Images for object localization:

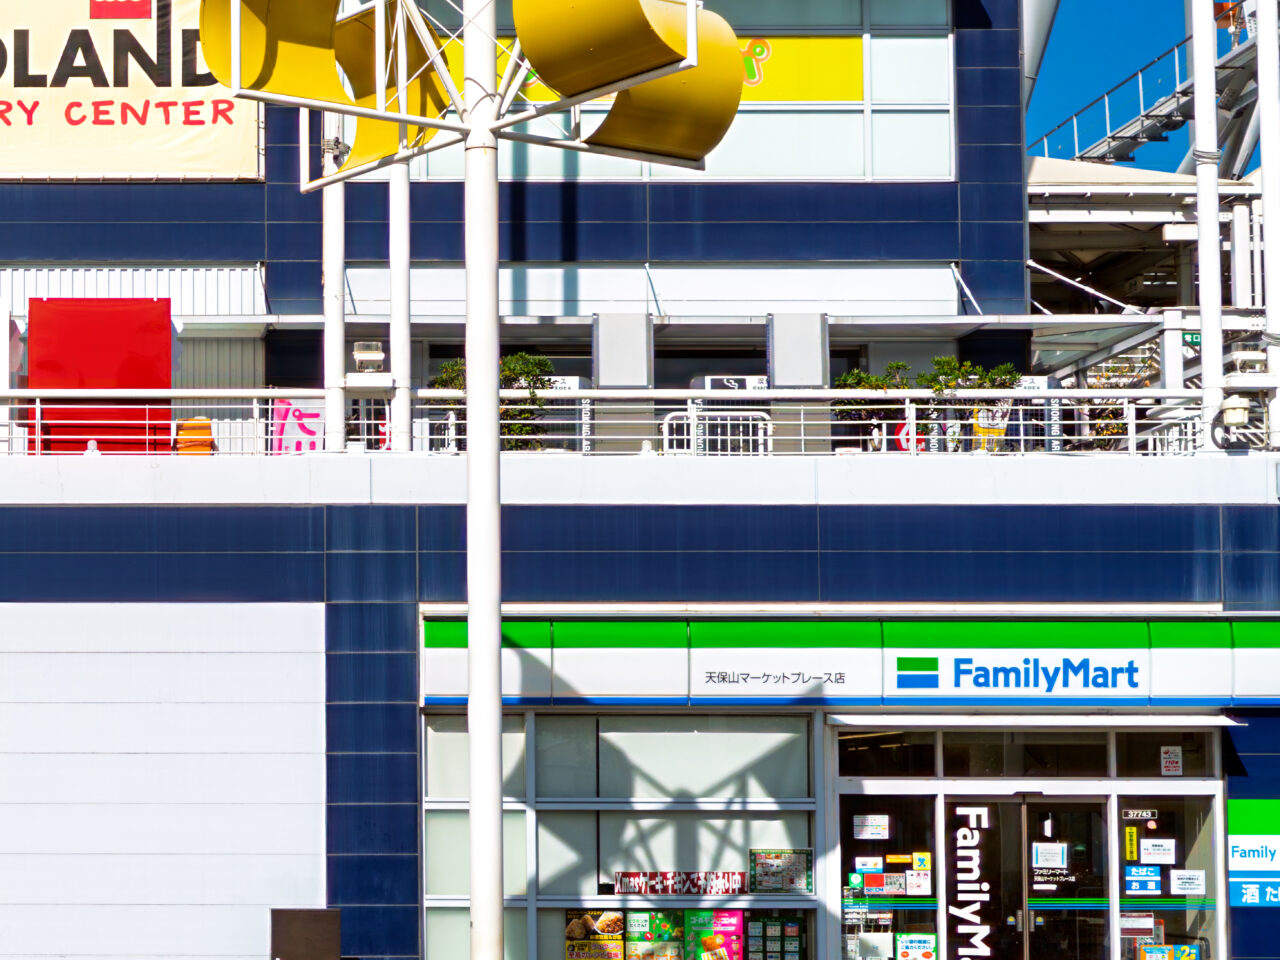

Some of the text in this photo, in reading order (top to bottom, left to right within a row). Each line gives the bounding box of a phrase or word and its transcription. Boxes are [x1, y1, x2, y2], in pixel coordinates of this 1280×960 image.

[64, 98, 235, 127] CENTER
[1051, 398, 1060, 436] SMOKNG
[705, 671, 846, 685] 天保山マーケットプレース店
[953, 657, 1139, 693] FamilyMart
[1231, 845, 1277, 862] Family
[948, 806, 991, 960] FamilyM
[1131, 867, 1155, 876] たばこ
[1265, 886, 1280, 902] た
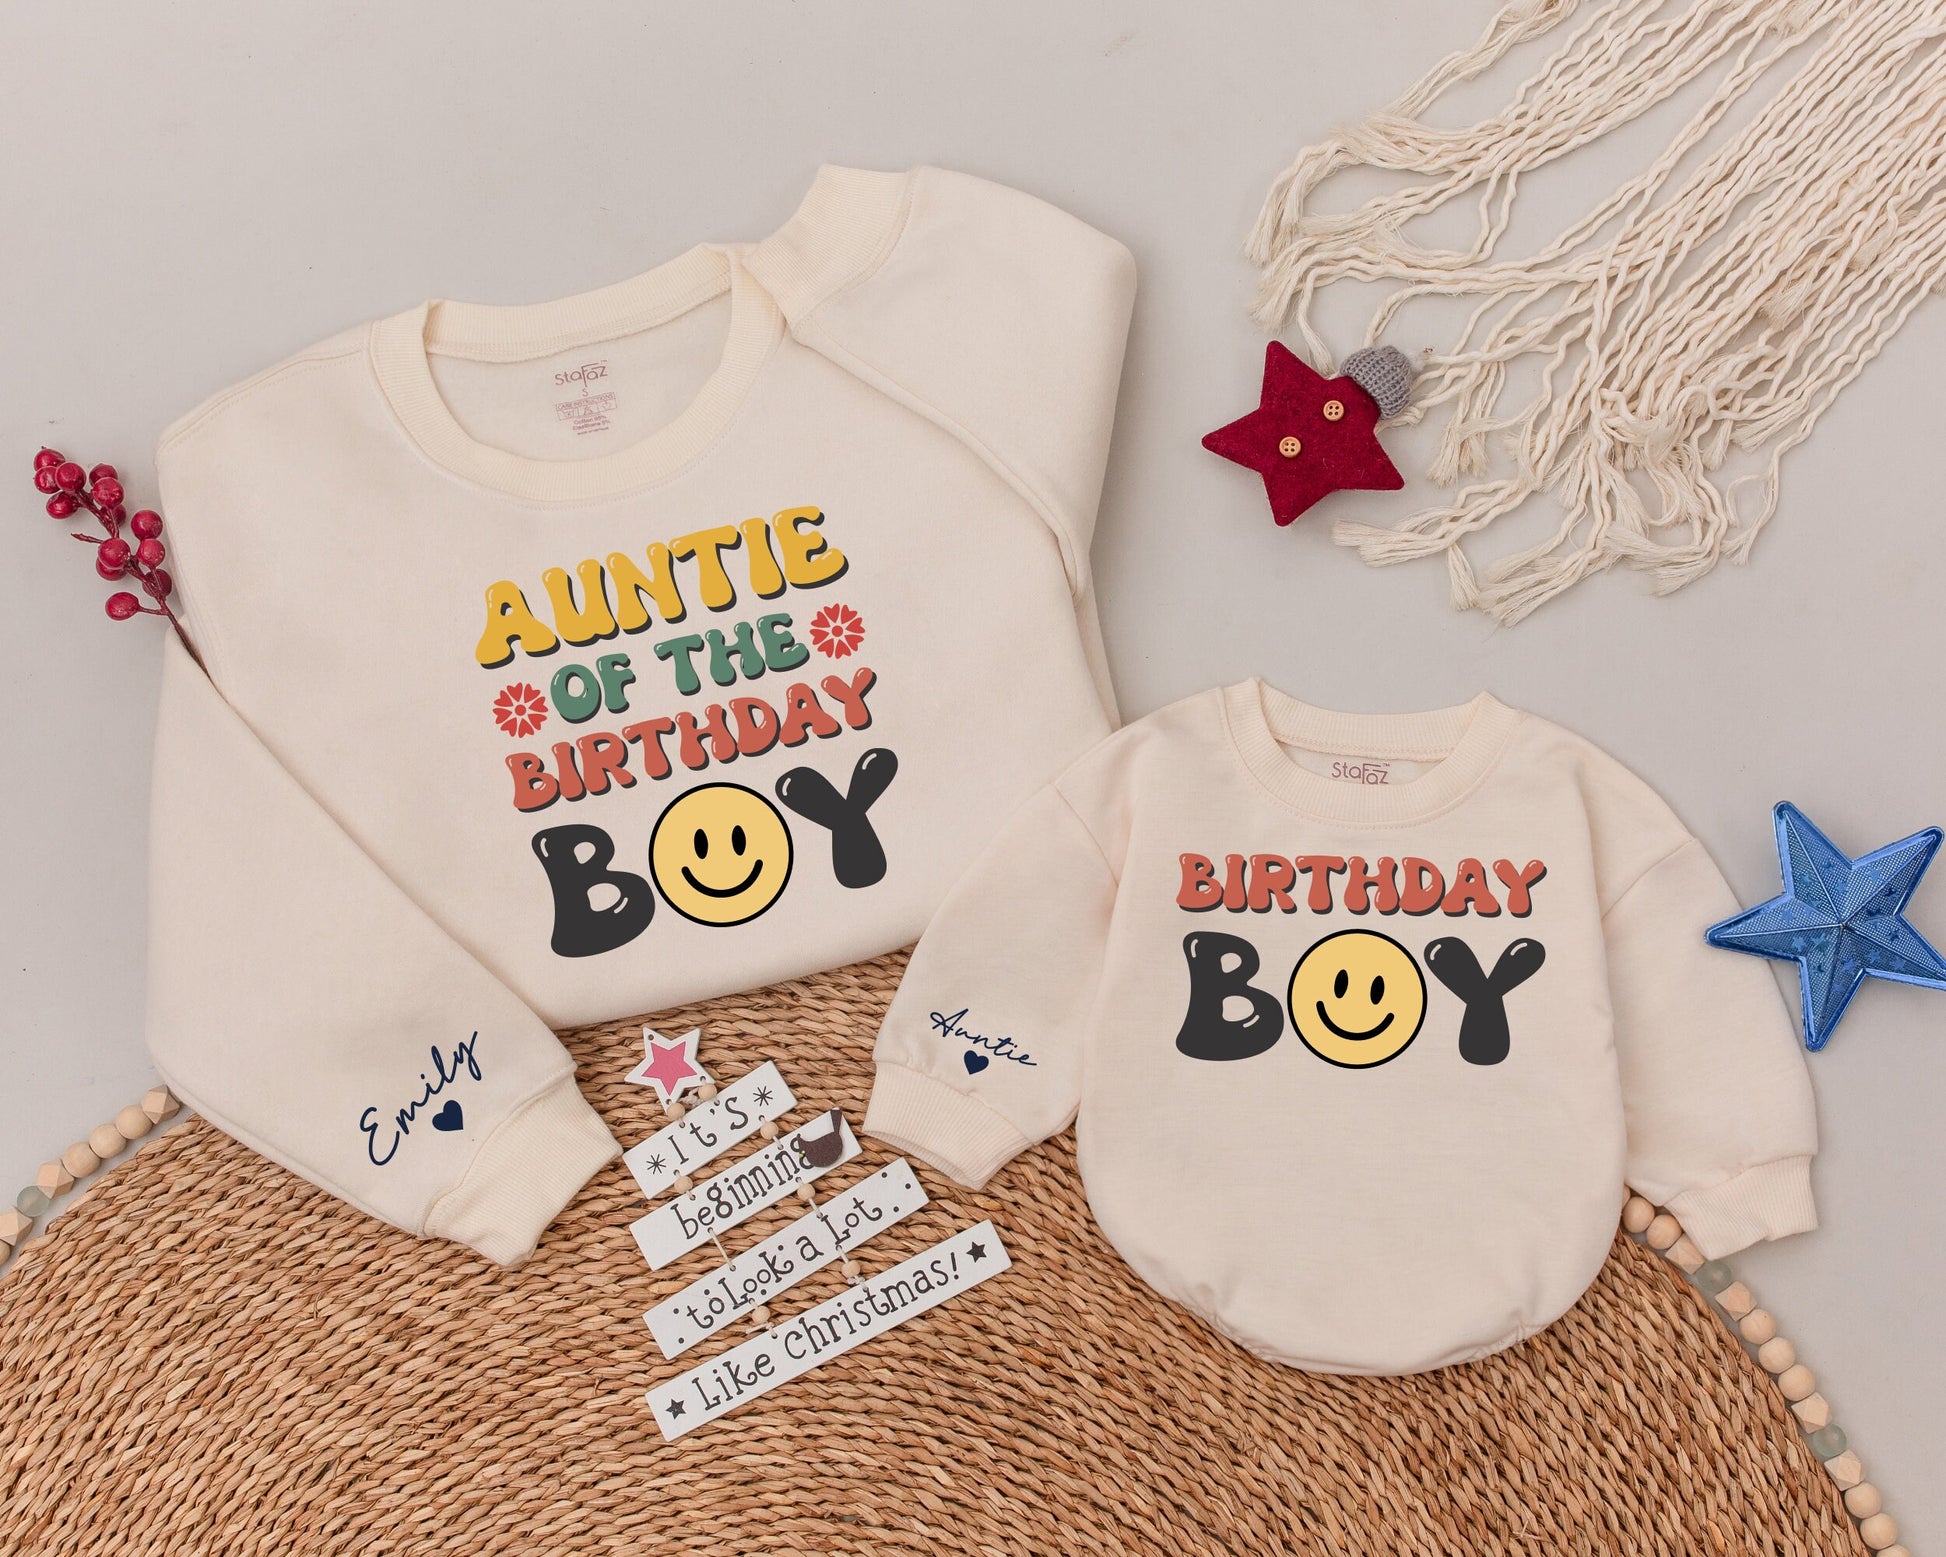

WHAT THIS TASK INVOLVES:
With images omitted, output the data exactly as given.

TASK RESULT:
Some of the text in this photo, in reading order (top to bottom, left to right within a row). Each line gives the bounding box of a phrase or word and its transcription. Boxes are [x1, y1, x2, y2], in pixel coordinates of this 1280×960 image.

[64, 98, 235, 127] CENTER
[1051, 398, 1060, 436] SMOKNG
[705, 671, 846, 685] 天保山マーケットプレース店
[953, 657, 1139, 693] FamilyMart
[1231, 845, 1277, 862] Family
[948, 806, 991, 960] FamilyM
[1131, 867, 1155, 876] たばこ
[1265, 886, 1280, 902] た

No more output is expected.